Richard Horton, editor-in-chief of the medical journal The Lancet, has accused the prime minister of “playing roulette” with the lives of vulnerable citizens, while the former regional director of Public Health England, John Ashton, has said the country has “wasted a month” in tackling the epidemic, speaking to BBC Radio 4’s Today programme a day after chancellor Rishi Sunak put aside £12bn in his first budget to fight Covid-19 as part of a £30bn stimulus package.

In the US, President Trump has decreed a 30-day travel restriction blocking new arrivals from Europe but remains under intense criticism for his repeated denial of the seriousness of the situation and emphasis on the fluctuations of the stock market, rather than the welfare of the American people, with at least one eye on his re-election campaign.

The Italian doctor uses the Newsweek editorial to warn that Europe is “still awaiting the peak of the epidemic” and to reiterate that, for now, “the only solution is to impose social restrictions”.
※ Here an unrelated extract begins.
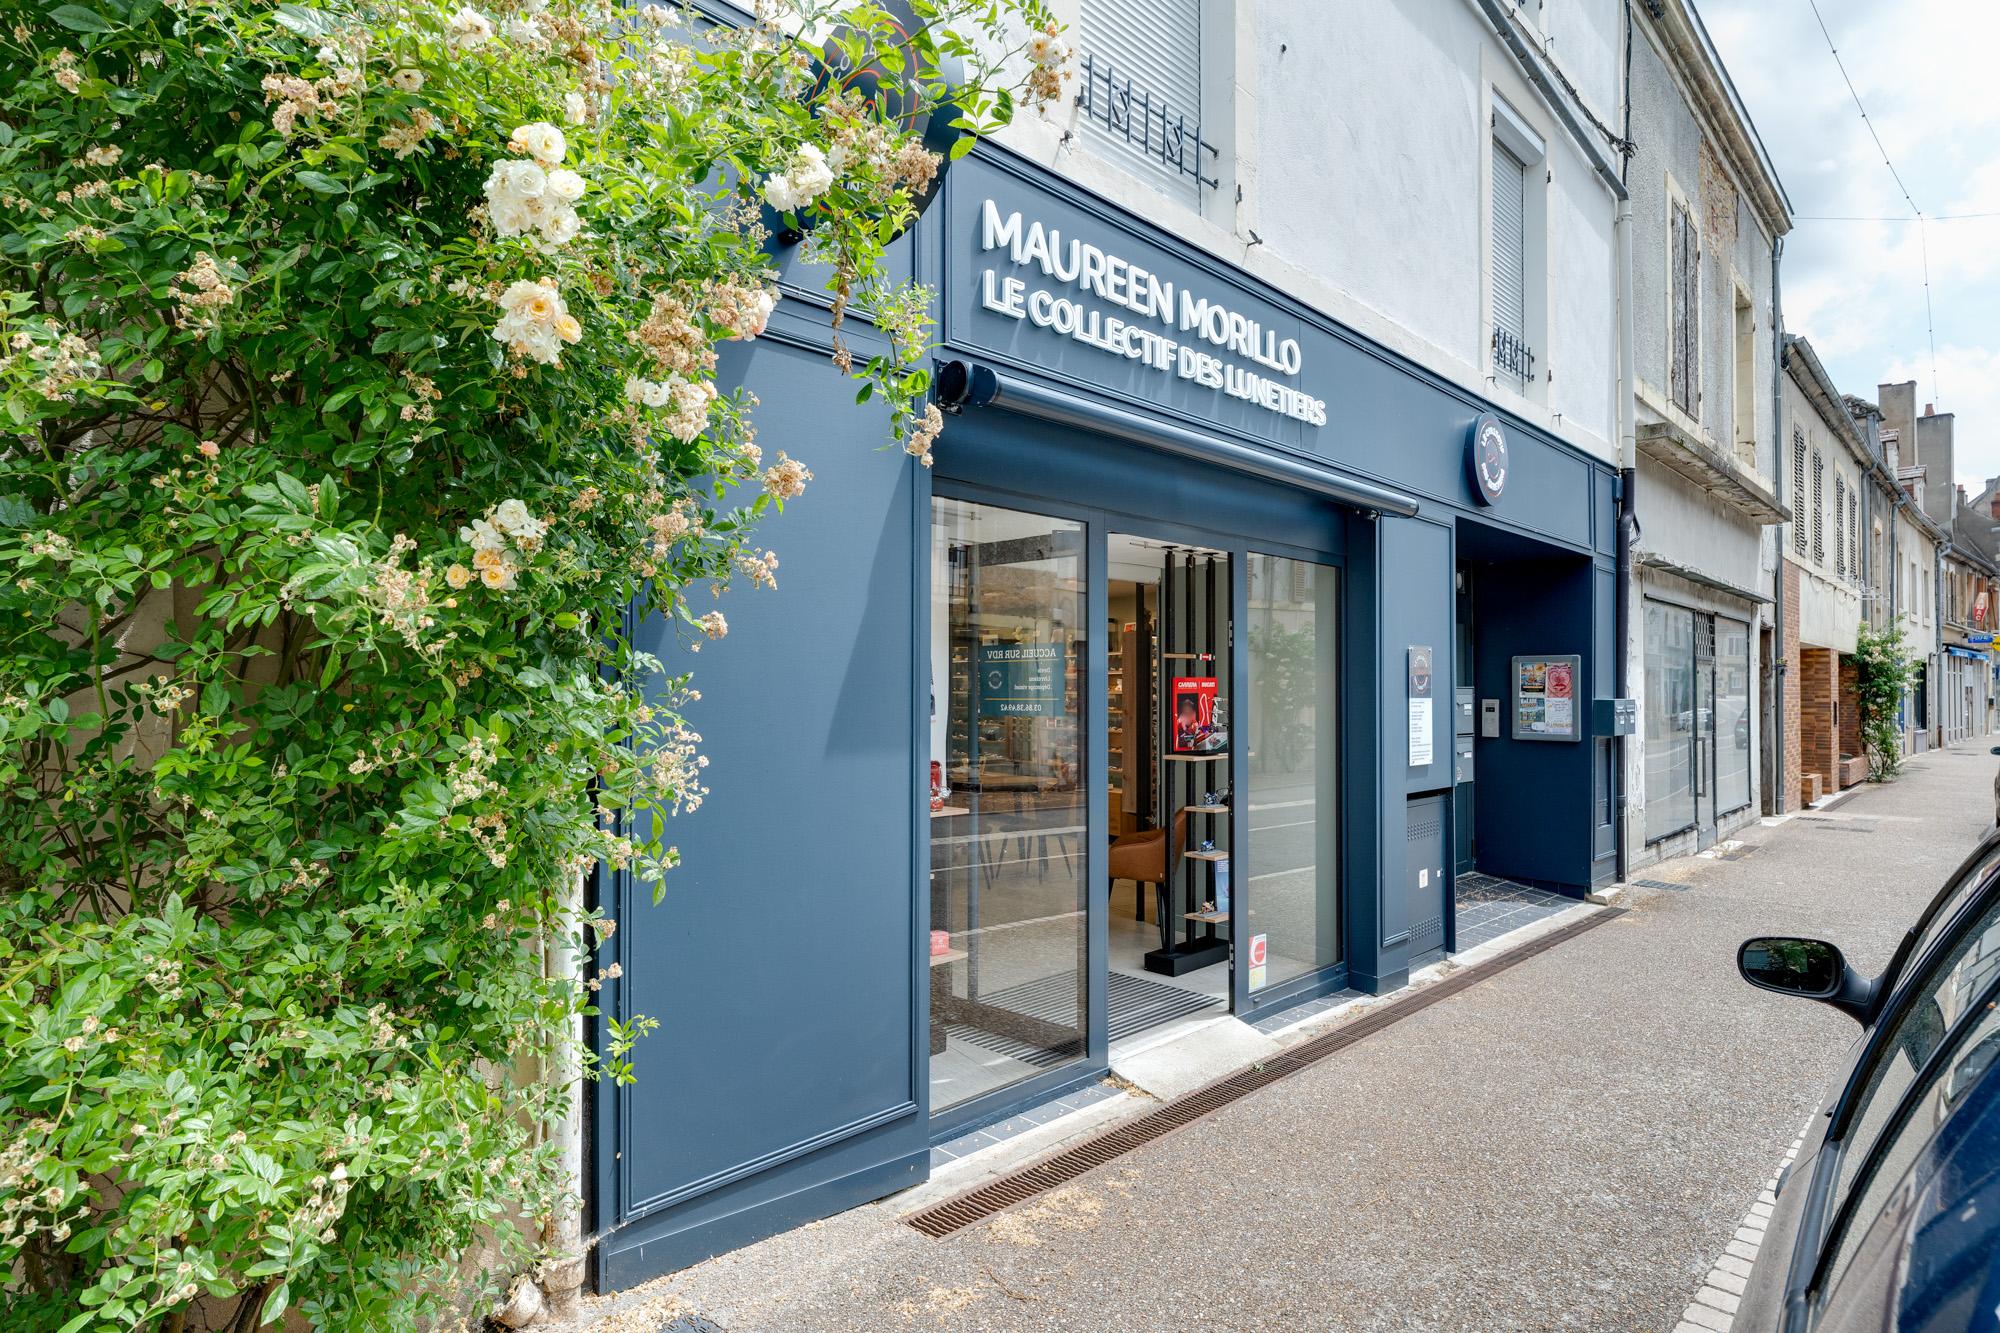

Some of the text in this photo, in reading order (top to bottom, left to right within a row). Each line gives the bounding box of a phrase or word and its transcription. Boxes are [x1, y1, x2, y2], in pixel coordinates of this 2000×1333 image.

“If your government is hesitating, these restrictions are up to you,” the author states. “Stay put. Do not travel. Cancel that family reunion, the promotion party and the big night out. This really sucks, but these are special times. Don’t take risks. Do not go to places where you are more than 20 people in the same room. It’s not safe and it’s not worth it.”

Cautioning against selfishness, they write: “Odds are, you might catch coronavirus and might not even get symptoms. Great. Good for you. Very bad for everyone else, from your own grandparents to the random older person who got on the subway train a stop or two after you got off.

“You’re fine, you’re barely even sneezing or coughing, but you’re walking around and you kill a couple of old ladies without even knowing it. Is that fair? You tell me.”

Ending with a final call for personal responsibility, the mystery doctor reminds readers: “It’s the civic and moral duty of every person, everywhere, to take part in the global effort to reduce this threat to humanity.”

The doctor recounts the experiences of colleagues in Milan, Bergamo and Padua and is joined in calls for action by Mohamed Abu Hilal, a former NHS doctor currently trapped in Brescia after Italian prime minister Giuseppe Conte announced nationwide shutdowns on Monday, effecting 60 million residents and seeing schools, restaurants and small businesses close their doors.

“COVID19 is serious, feels to be in a war!” Professor Hilal wrote in a tweet on Wednesday. “People are dying, not only elderly. Beds are full. Governments must shut down everything, prepare beds, ventilators , antivirals, doctors and nurses. People should stay at HOME!”

At the time of writing, Europe has more than 23,000 cases of coronavirus with more than 950 fatalities so far and Italy, France, Spain and Germany worst hit.